I had to give thought to this question when writing three of my plays. There is a speech in my play Shylock, in which the Shylock of my imagination, a Renaissance Jew, considers the reasons why Abraham needed to invent God. Does the concept of "inventing God" offend believers?

Caritas is about a 14th-century anchoress who, after three years of immurement waiting for divine revelation which did not come, declares, as many have done, "there is no God". Who will take offence? The very title of the third play, When God Wanted a Son, might be considered irreverent; it's also a play in which a character explores the question of what and who can be ridiculed by humour. He concludes: "... all of them are game for ridicule if they can be seen to be in love with or intoxicated by: the martyr, her sacrifice; the freedom fighter, his anger; the missionary, his zeal; the educator, her cleverness; and those in pain, their suffering ... I'm a puritan. I believe everything has to be earned, and all those who engage in altruism and agony should do so with reluctance. Anyone caught enjoying it should be punished with ridicule..."

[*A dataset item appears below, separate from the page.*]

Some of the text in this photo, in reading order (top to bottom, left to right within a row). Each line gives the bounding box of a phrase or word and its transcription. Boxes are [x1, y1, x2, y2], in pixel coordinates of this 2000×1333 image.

Offence can be divided into three categories: gratuitous, calculated, and unavoidable. Gratuitous offence is rooted in ignorance, and is linked with mindless violence. Calculated offence describes itself , the intention is clear and aims to achieve a defined result - hurt: spitting at someone's feet to show contempt for them; daubing a swastika on a Jewish grave; shredding a nation's flag as an expression of disapproval for their internal or foreign actions. Those two categories - as all categories - overlap, and are comparatively easy to deal with. The third, which concerned the Rushdie - and now the Behzti - affair, is less so.

Inherent in the normal conduct of human affairs is an unavoidable risk that how we legitimately behave and what we say and write may cause offence to others. It is an inescapable hazard of living and must be considered a sign of intellectual and emotional maturity when accepted. Accepting that other people's views and actions are an inescapable hazard doesn't mean we must not argue with or attempt to change them within the law, but it does mean we cannot leap up with outrage every time such an offence occurs and call for the perpetrator to die or for what is perpetrated to be censored.

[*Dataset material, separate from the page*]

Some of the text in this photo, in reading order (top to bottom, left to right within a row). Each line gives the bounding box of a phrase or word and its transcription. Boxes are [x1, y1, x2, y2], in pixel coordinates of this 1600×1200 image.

Consider all that can offend. Fashion designers may be offended by those they consider badly dressed; much of what is on television offends a certain kind of sensibility; some unbelievers find the notion of God offensive to their intellect; some have expressed offence at what they consider the puerile vision of paradise described in the Koran; the novelist, Fay Weldon, views the Koran as offensive to Jews, Christians and women. As a Jew I'm not at ease with certain Christian writings, and as a humanist I'm not entirely comfortable with some of the utterances in the Bible! But we do not call for the death of the badly dressed or for the burning of the Koran or the Bible.

The knottiest of the problems is blasphemy. The question is not: "What is blasphemy?" but "Is blasphemy a right?" Blasphemy falls into the same three categories as "offence": gratuitous (and most of us are guilty of that each time we exclaim "Jesus Christ!"); calculated, and unavoidable.

I share my Shylock's suspicion that Abraham invented God to keep the anarchic Jews in control. Unavoidably my suspicion right blasphemes, because it denies claims that the texts of the Bible, Gospel and Koran are divinely inspired. I can be argued with or shunned; a devout artistic director of a theatre can decline to put on my play, but I cannot be sentenced to death nor held a prisoner in my own land.

This was the position in which Salman Rushdie was placed. Worse, as Fay Weldon described it, he was a prisoner of Iran in his own land. That was a new frontier of political madness that, I fear, was never fully comprehended. The Rushdie dilemma faded without resolution, with the result that a censoring has taken over a burning - a young playwright's work is being withdrawn from a major regional theatre. Ominous!

Let me not be misunderstood. Ask me, along with Voltaire, to stand at the door of the church, the synagogue, or the mosque to defend them against marauders and I will be there. But it is the year 2004. The Age of Reason has profoundly shaped me. The loveliest men and women have thought and died for my right to live and breathe the free air of reason. Now a young colleague, who has chosen the art of theatre to explore the truth of her experience, must think twice about her belief that art is where one can courageously pose dangerous questions. The question the Sikhs should be asking is not does the play Behzti insult us, but are the claims of this play true?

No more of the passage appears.